__Problem statement__:
Print the entries exactly as they appear, and omit any images.

□ □ □ □ □ □ □

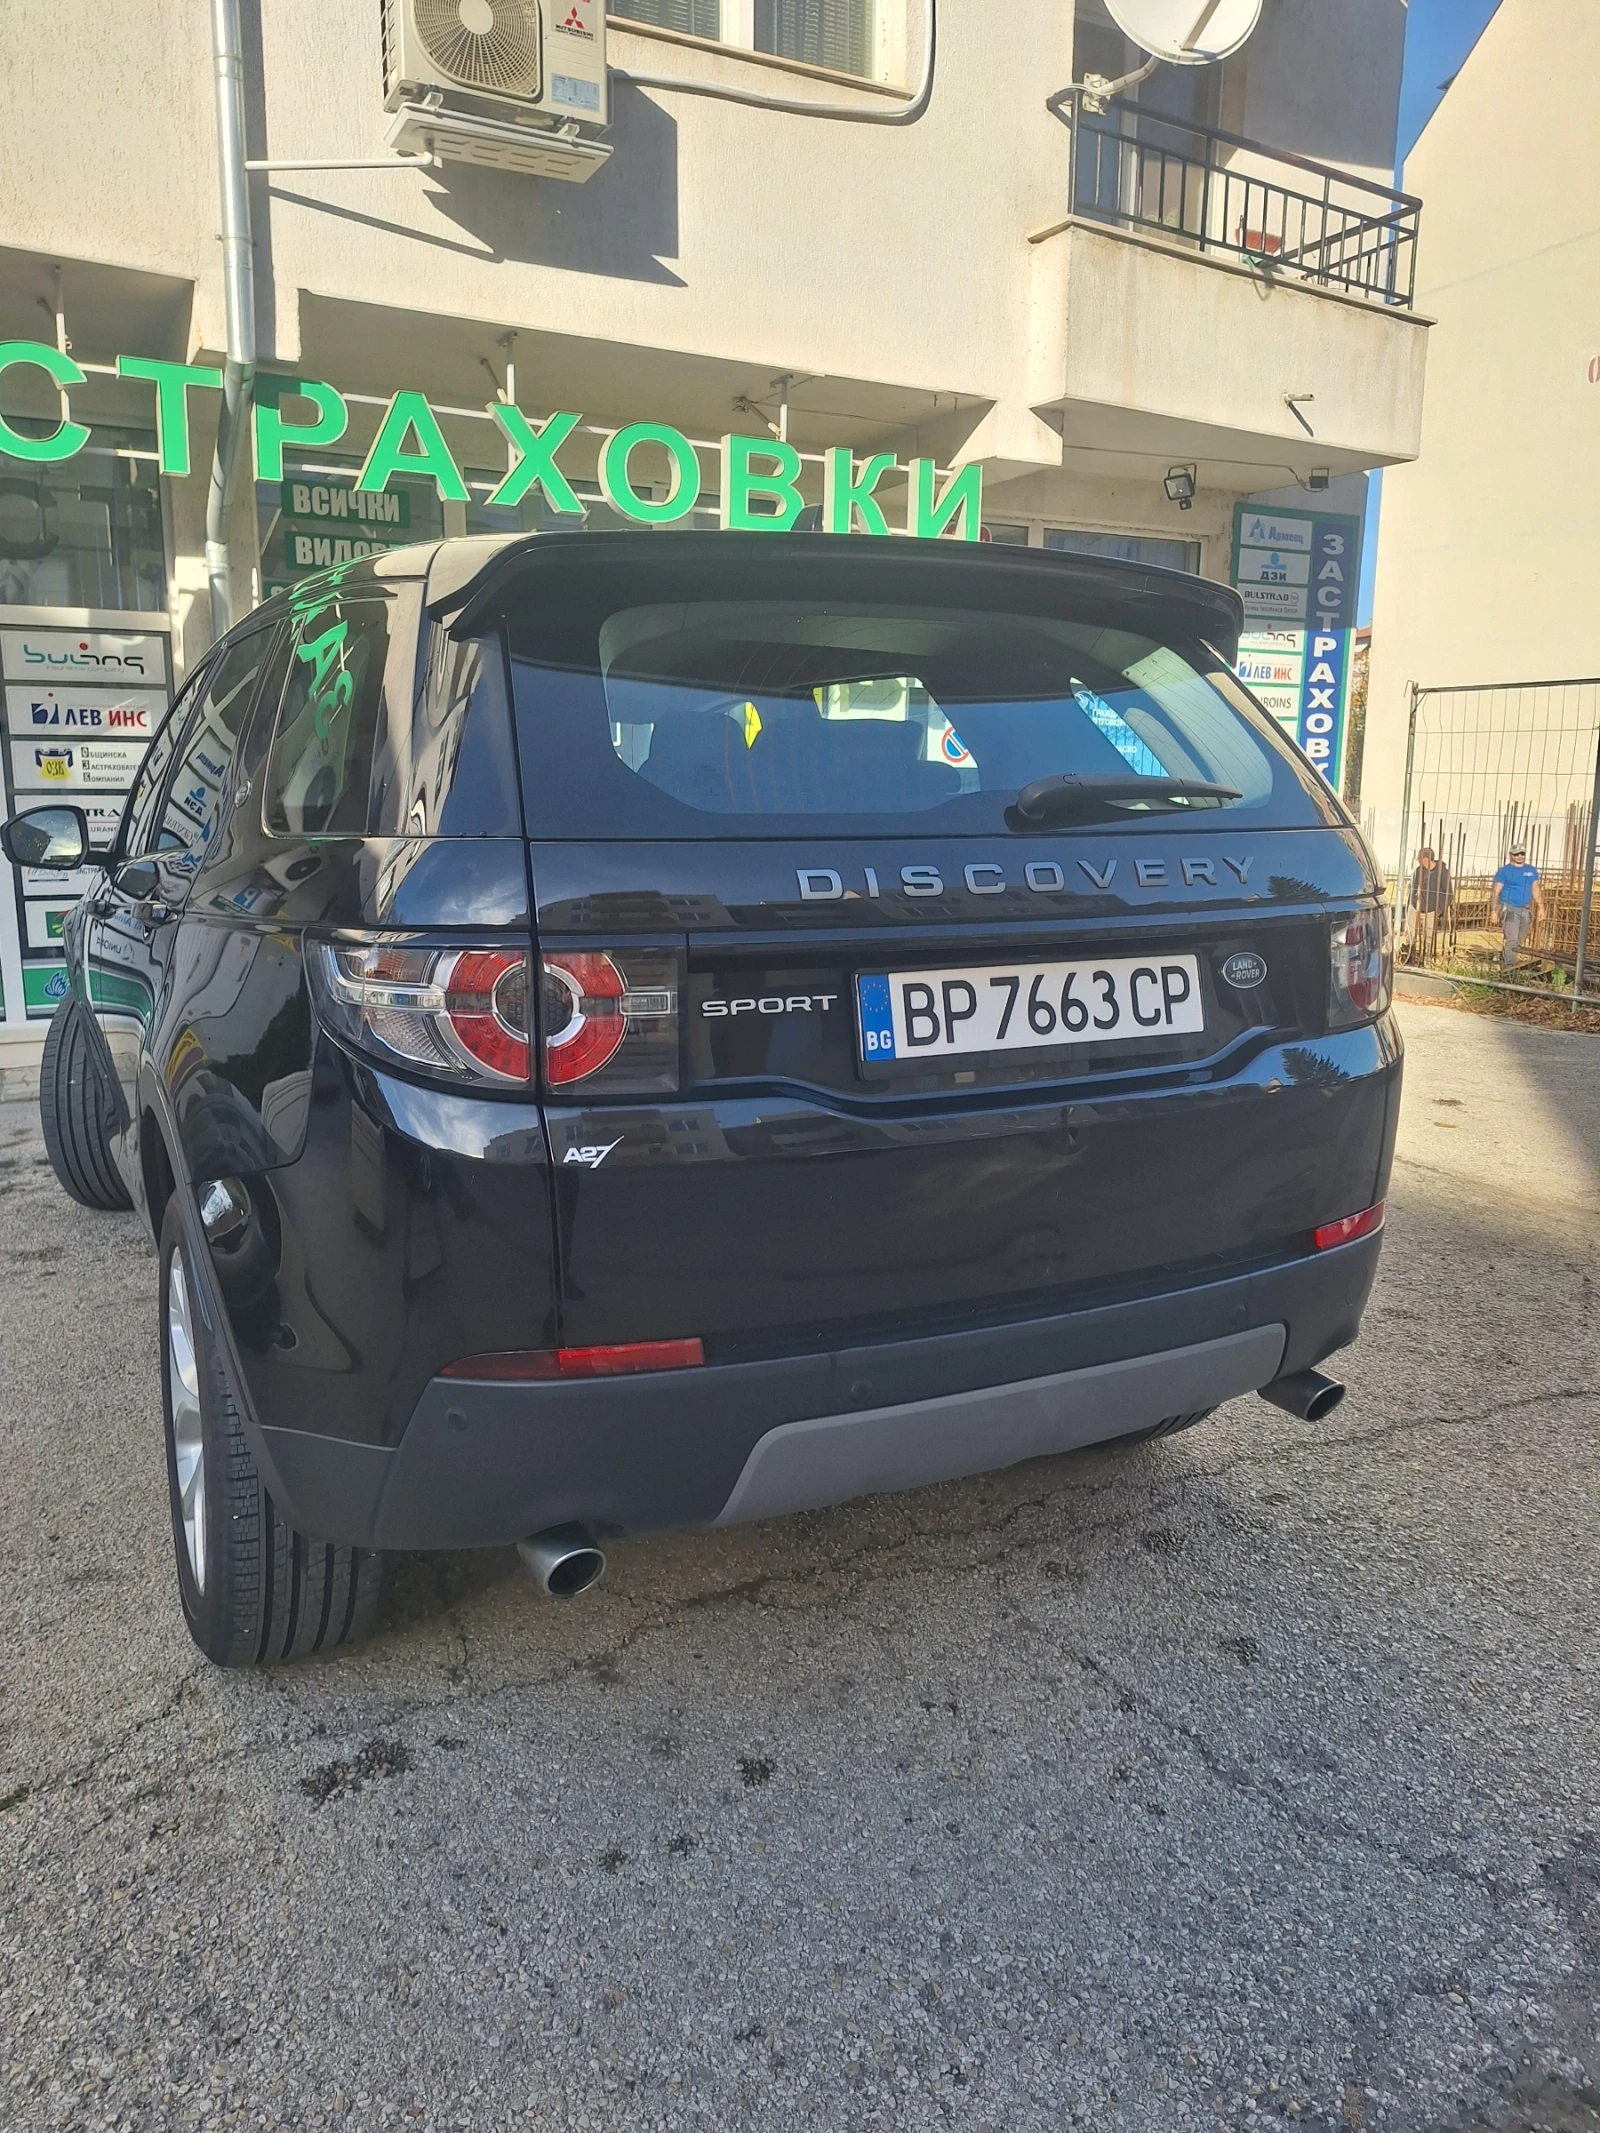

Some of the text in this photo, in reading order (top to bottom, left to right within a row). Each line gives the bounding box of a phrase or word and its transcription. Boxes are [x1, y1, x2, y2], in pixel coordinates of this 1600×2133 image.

[292, 484, 400, 523] ВСИЧКИ
[1268, 526, 1304, 545] Армеец
[1261, 571, 1287, 581] ДЗИ
[1244, 590, 1289, 601] BULSTRAD
[1303, 533, 1346, 780] ЗАСТРАХОВ
[1253, 666, 1292, 680] ЛЕВ ИНС
[65, 709, 147, 727] ЛЕВ ИНС
[81, 747, 127, 758] ОБЩИНСКА
[46, 759, 65, 776] ОЗК
[83, 772, 125, 782] КОМПАНИЯ
[796, 856, 1255, 900] DISCOVERY
[1233, 960, 1253, 971] LAND
[1236, 969, 1260, 980] ROVER
[702, 995, 838, 1017] SPORT
[902, 965, 1190, 1047] BP 7663 CP
[866, 1031, 892, 1051] BG
[562, 1135, 625, 1169] A27

□ □ □ □ □ □ □

__Your response__:
Some of the text in this photo, in reading order (top to bottom, left to right within a row). Each line gives the bounding box of a phrase or word and its transcription. Boxes are [x1, y1, x2, y2], in pixel coordinates of this 1600×2133 image.

[292, 484, 400, 523] ВСИЧКИ
[1268, 526, 1304, 545] Армеец
[1261, 571, 1287, 581] ДЗИ
[1244, 590, 1289, 601] BULSTRAD
[1303, 533, 1346, 780] ЗАСТРАХОВ
[1253, 666, 1292, 680] ЛЕВ ИНС
[65, 709, 147, 727] ЛЕВ ИНС
[81, 747, 127, 758] ОБЩИНСКА
[46, 759, 65, 776] ОЗК
[83, 772, 125, 782] КОМПАНИЯ
[796, 856, 1255, 900] DISCOVERY
[1233, 960, 1253, 971] LAND
[1236, 969, 1260, 980] ROVER
[702, 995, 838, 1017] SPORT
[902, 965, 1190, 1047] BP 7663 CP
[866, 1031, 892, 1051] BG
[562, 1135, 625, 1169] A27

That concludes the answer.